Bud and Gerald entered another room in which four people were seated around a wooden table.
“According to Eddington there are two tables,” asserted the physicist. “The first table is the one at which we are seated – a piece of furniture made of hardwood, its patina darkened by the layers of polish that have accumulated over the years. It is oval in shape, with claw feet and intricate swirls carved just here, where the legs meet the tabletop. An antique perhaps, possibly a bit too delicate for the hard labor to which we put it here at the Scriptorium. But there is also a second table, beneath this one so to speak yet invisible to us.

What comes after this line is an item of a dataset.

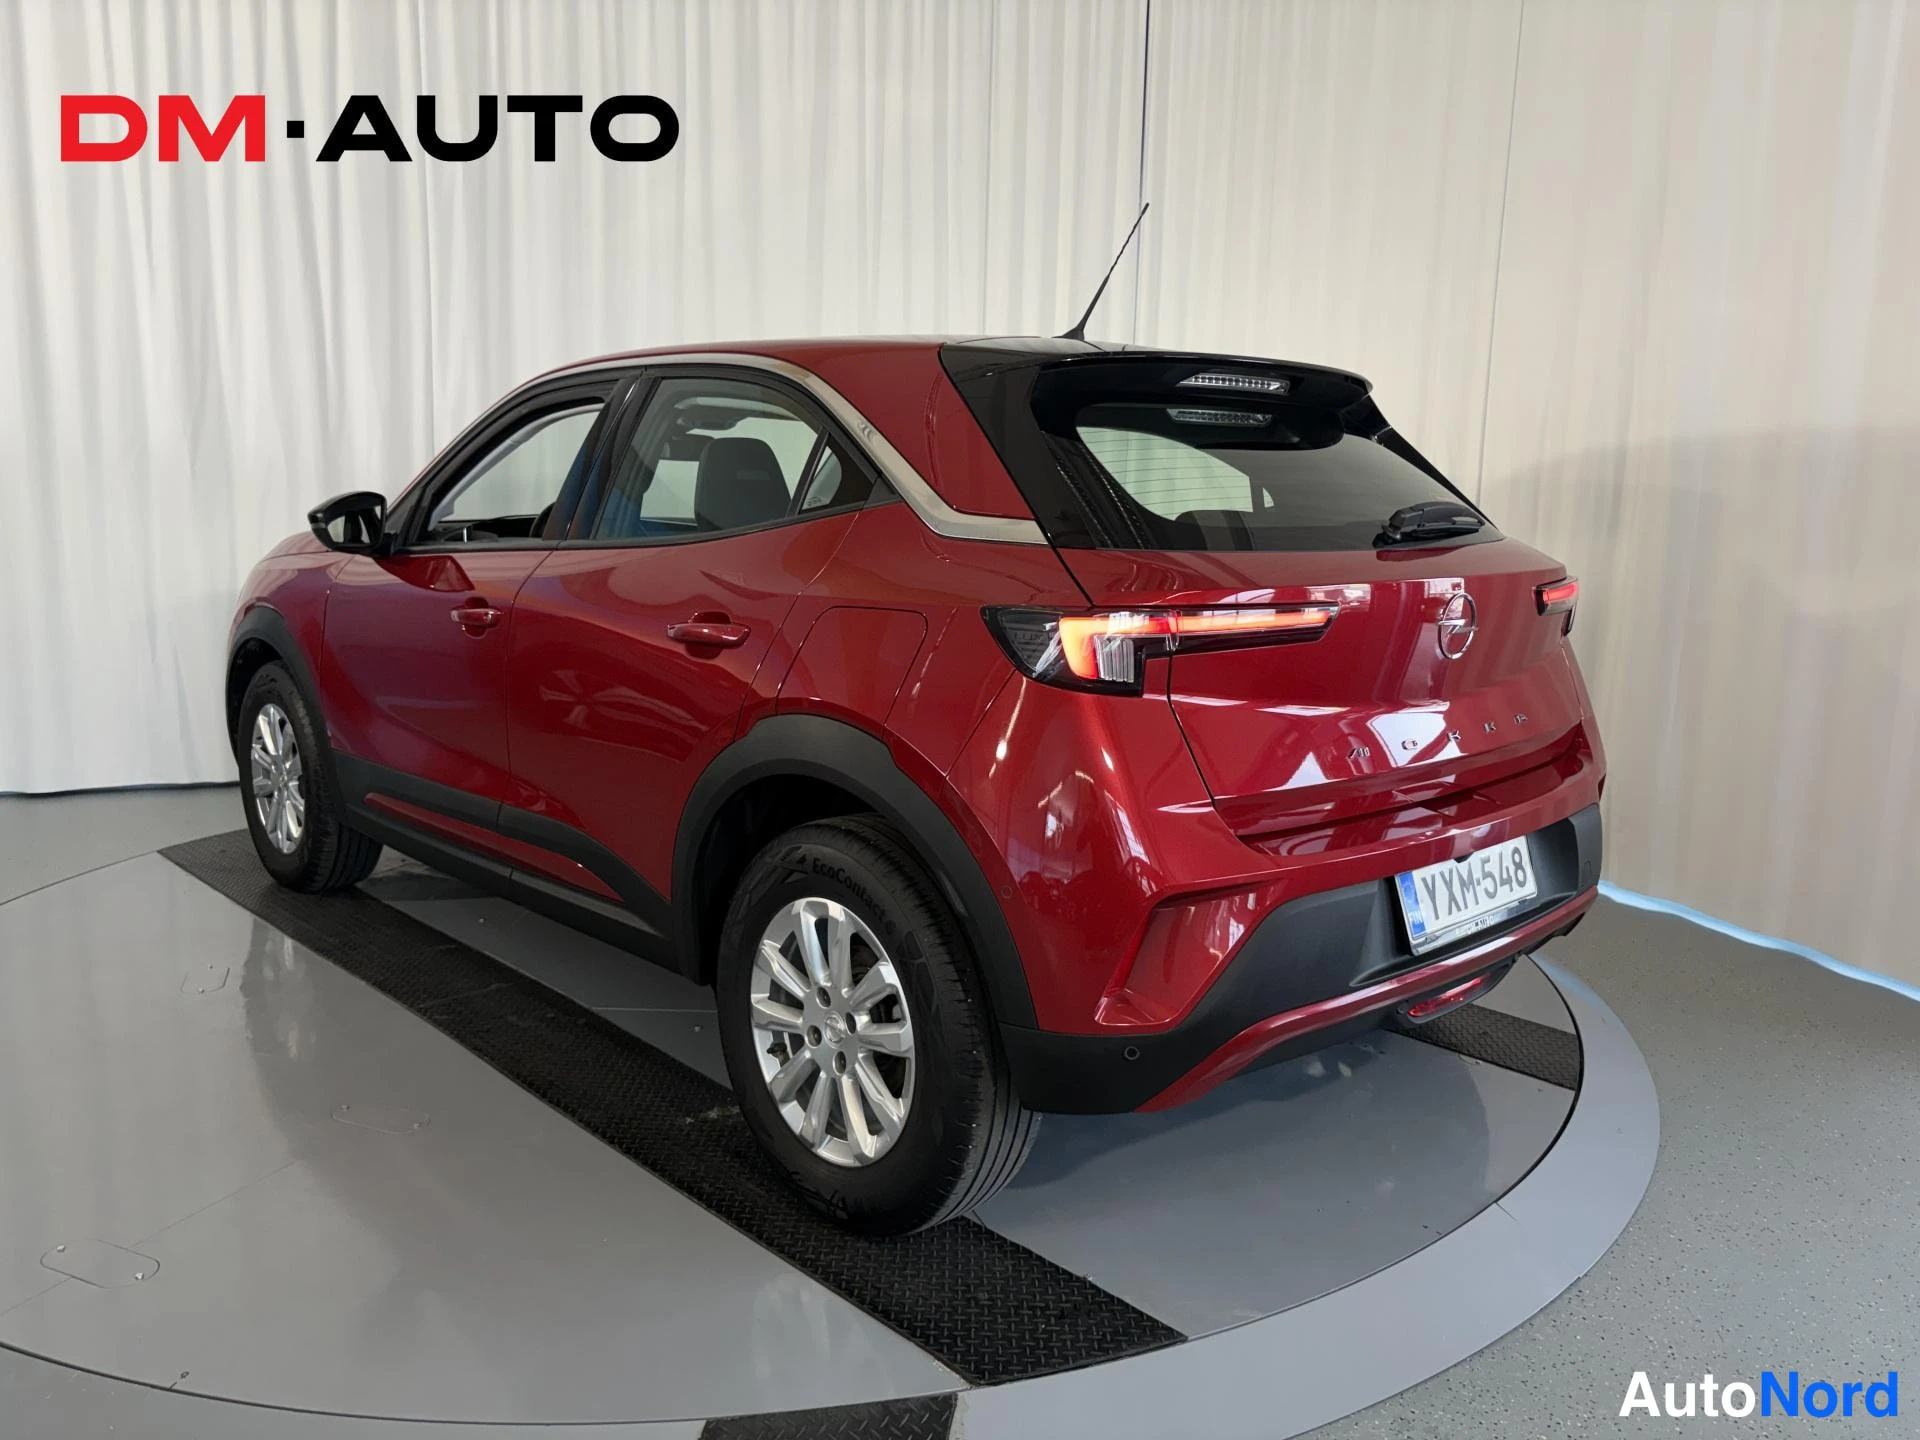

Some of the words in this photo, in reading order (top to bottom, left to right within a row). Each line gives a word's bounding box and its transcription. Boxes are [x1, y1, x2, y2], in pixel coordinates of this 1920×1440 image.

[812, 857, 886, 922] EcoContact
[1421, 846, 1527, 920] YXM-548
[1409, 911, 1423, 924] FIN

It consists primarily of empty space, sparsely populated by elemental particles swirling through charged space at incredible speed, indistinguishable from tiny quanta of electromagnetic energy, moving from one point to another without ever being anywhere in between.”
“Superb,” the politician commended the physicist, “but is there not also a third table? It is a diplomatic table. Your words carry more force than mine, are weightier, have more gravity, because you sit in a position of authority, at one end of the diplomatic table. Whereas I, seated at your left hand along one of the longer sides of the table, am in a subordinate position to you. In comparison to yours my pronouncements ring indistinct and hollow. Now if we were to trade places at this third table…”
“There is a fourth table,” said the painter, seated across from the politician. “It is made not of electrons, nor of power differentials, but of shapes and colors and angles. If I were to describe this table I would use not words but images. My description would depend on whether oils or pastels were made available to me, and whether the surface on which I present my image is canvas or paper or the wall behind me. It would depend too on whether the light fixture above the table could be dimmed just a bit, whether our conversation around the table as I paint is convivial or combative, whether someone proves kind enough to fill my wine glass again.”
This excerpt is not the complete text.